He paled and she knew he was terrified of her, of this strange new woman who was walking about in her skin. She wondered what he saw in her that made him know she was something different now. She idly wondered if it was the same thing that showed in Simon’s face when he—

“I’m sorry, Caroline, this was a bad idea.” She could barely hear him over the sound his keys made as he tried to get them into the car door. She noticed that his vehicle was old, no central locking, no blipping noises from electronic entry—no heated seats either, she imagined. A far cry from the Merc he’d driven away in. She wondered what had happened to it, but guessed that if he was trying to visit, he was trying to come back to the comfort of her money. Caroline smiled at him.

He got the door open and put it between them as if it might keep him safe. But he didn’t get into the car, he seemed to be about to say something else, and that was his mistake.

Caroline gathered herself, drew upon all the saliva she could muster and spat in his face. Pity it’s not acid, she thought, but for his expression it may as well have been. It dripped from the tip of his sharp nose, and slid lazily down his left cheek.

“Don’t come back, Geoffrey.”

“What’s that?”

Simon dropped the item in question, startled by his mother’s sudden appearance. Caroline caught sight of herself in the mirror above his desk. She looked wild, angry and sick. She stalked into the room. He hunched down and swept the thing up, trying to hide it.

“Nothing,” he grunted. It was the same tone he had used for the last year and she’d thought herself inured to it, but this time she snapped. She swooped on him, shrieking, pushing her face into his until he was almost flat on his mattress as she screamed.

Whatisit, whatisit, whatisit, whatisit?

He threw it on the floor and she stepped back, his movement breaking her tirade. It was a knife. A pocket knife. The one Geoffrey had given him the Christmas before in spite of her objections. The one the police had been unable to find. The one that still had thin brown stains where the blade met the casing.

Time seemed to freeze around them as they stared down at the thing on the blue carpet.

Caroline had steadfastly lied for her son. Yes, he was home that afternoon. No, he had not left his room. They’d had hot chocolate at precisely three o’clock and they had watched cartoons together. No amount of nit-picking or white-anting by the Prosecution had shifted or shaken her, and she’d taken a kind of perverse pride in that.

In truth, Caroline didn’t really know why she’d lied.

To protect her child, yes, but she didn’t understand why she did it when she knew deep down he was guilty. She’d had hope, of course, all mothers have hope beyond hope, a deep abiding belief that a miracle will occur and their child will be proven innocent—because when the guilt is beyond doubt, is known, the world changes irrevocably.

And here it was. Undeniable proof of what he’d done.

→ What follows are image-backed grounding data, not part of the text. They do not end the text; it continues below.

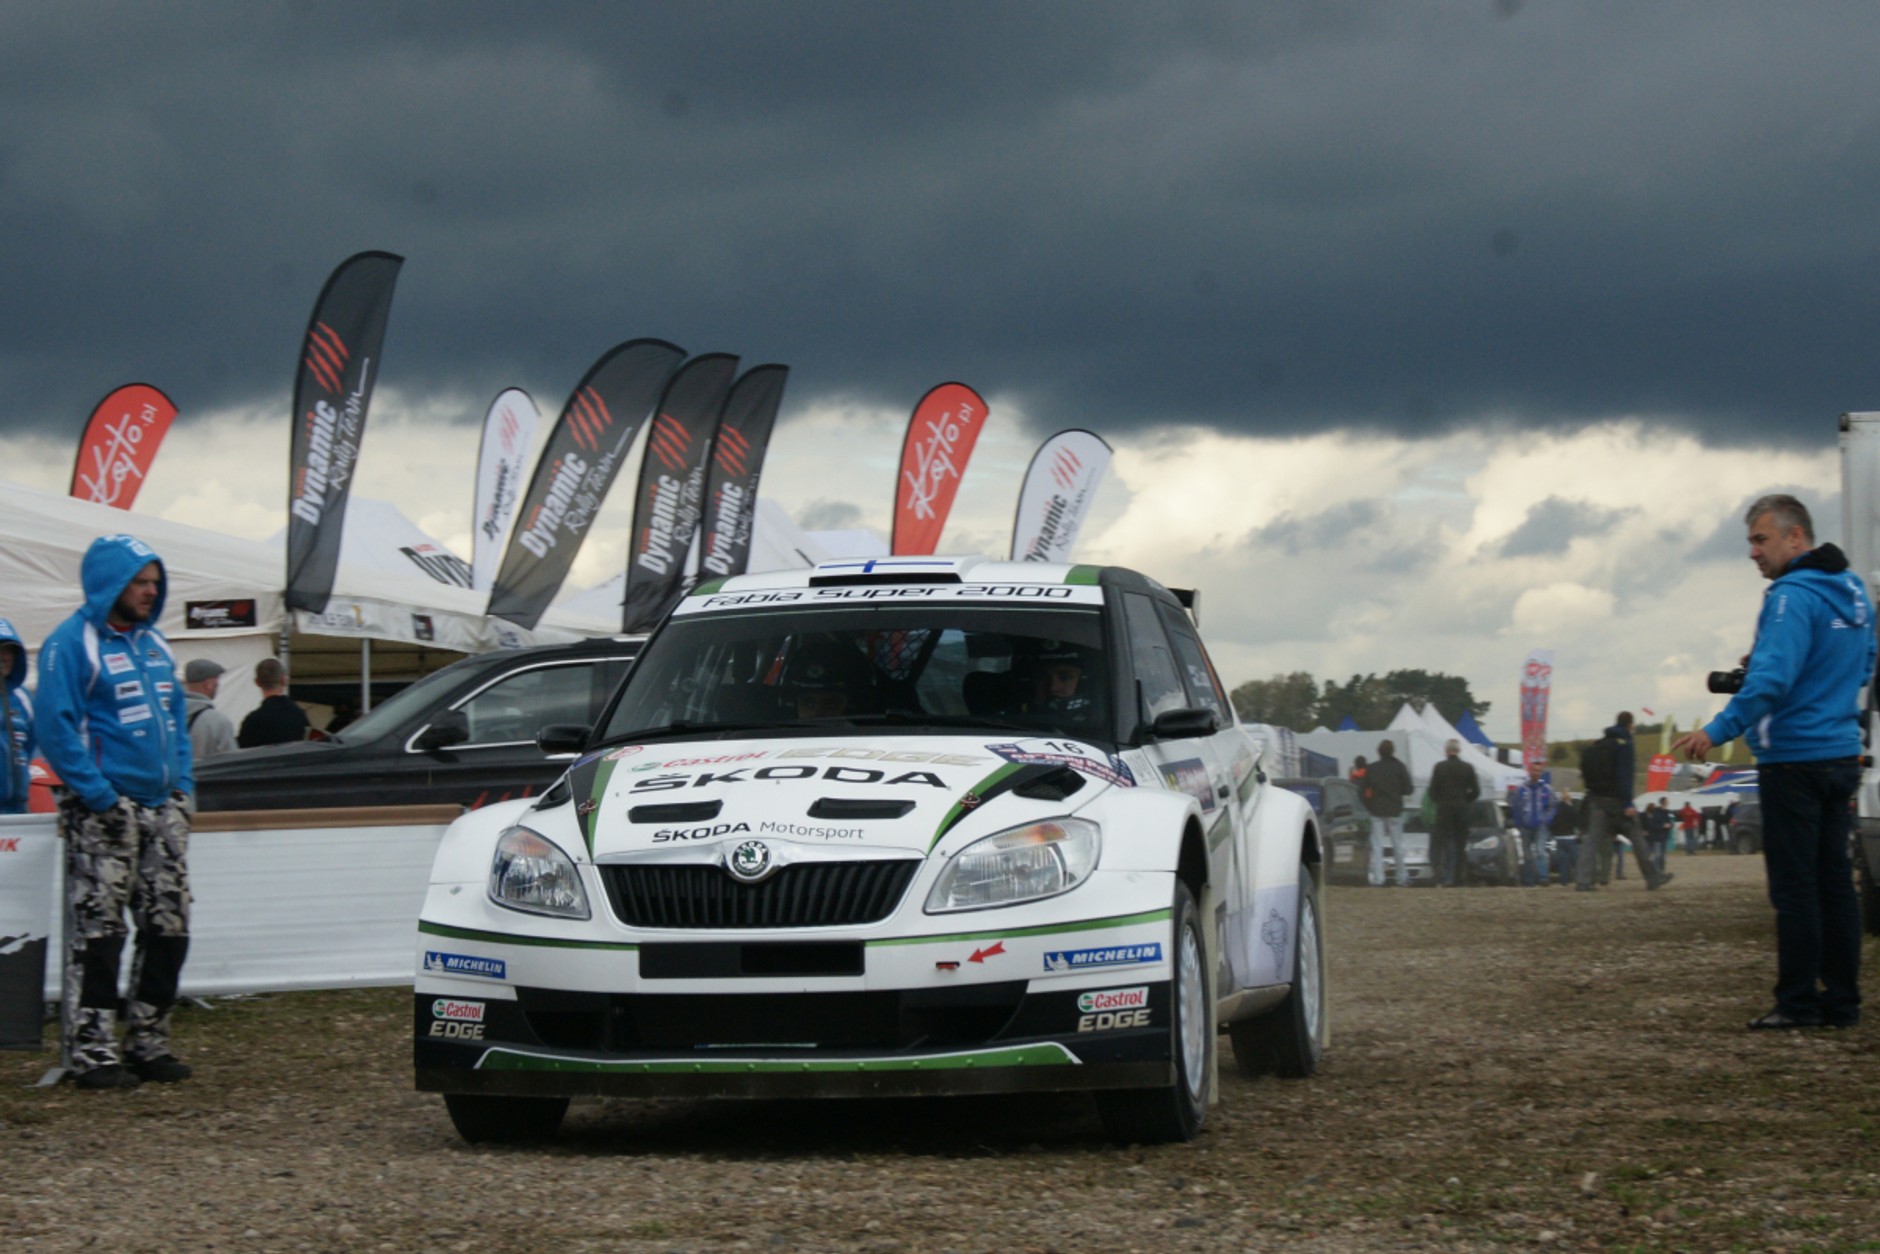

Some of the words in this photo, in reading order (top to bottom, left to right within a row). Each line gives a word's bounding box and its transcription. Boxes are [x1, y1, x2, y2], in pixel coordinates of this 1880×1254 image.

[292, 400, 337, 526] Dynamic
[518, 452, 588, 559] Dynamic
[637, 474, 681, 575] Dynamic
[703, 482, 744, 575] Dynamic
[702, 591, 803, 609] Fabia
[814, 585, 947, 606] Super
[955, 585, 1074, 599] 2000
[663, 750, 769, 769] Castrol
[776, 746, 993, 768] EDGE
[1044, 741, 1084, 755] 16
[627, 765, 949, 795] ŠKODA
[651, 821, 752, 844] ŠKODA
[759, 820, 865, 841] Motorsport
[446, 957, 503, 974] MICHELIN
[1071, 946, 1156, 964] MICHELIN
[445, 1001, 482, 1019] Castrol
[1094, 990, 1144, 1009] Castrol
[428, 1020, 487, 1041] EDGE
[1077, 1008, 1153, 1033] EDGE

Caroline felt something somewhere in her chest give way, cave-in and leave a pile of rubble in its wake. Inside, an already hobbling part of her died.

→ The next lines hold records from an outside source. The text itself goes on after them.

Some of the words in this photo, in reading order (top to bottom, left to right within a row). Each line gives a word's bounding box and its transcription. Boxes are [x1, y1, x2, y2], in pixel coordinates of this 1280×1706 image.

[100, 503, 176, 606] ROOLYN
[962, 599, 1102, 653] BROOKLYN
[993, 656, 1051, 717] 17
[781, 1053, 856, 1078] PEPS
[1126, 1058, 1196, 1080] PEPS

But it didn’t matter. They couldn’t charge him again, couldn’t retry him. He was out and he’d got away with it. And he was in her house. He’d come out of her. Whatever was in him had come from her.

Slowly she bent down, the cut in her knee re-opening, and picked up the knife. Her knuckles turned bone-white around it and she could feel the metal cutting. She squeezed her hand tighter, felt satisfied as the blade cut further and blood began to pool in her palm, then drip out between her fingers. In the cup of her hand, the new blood liquefied the old, mixed with it.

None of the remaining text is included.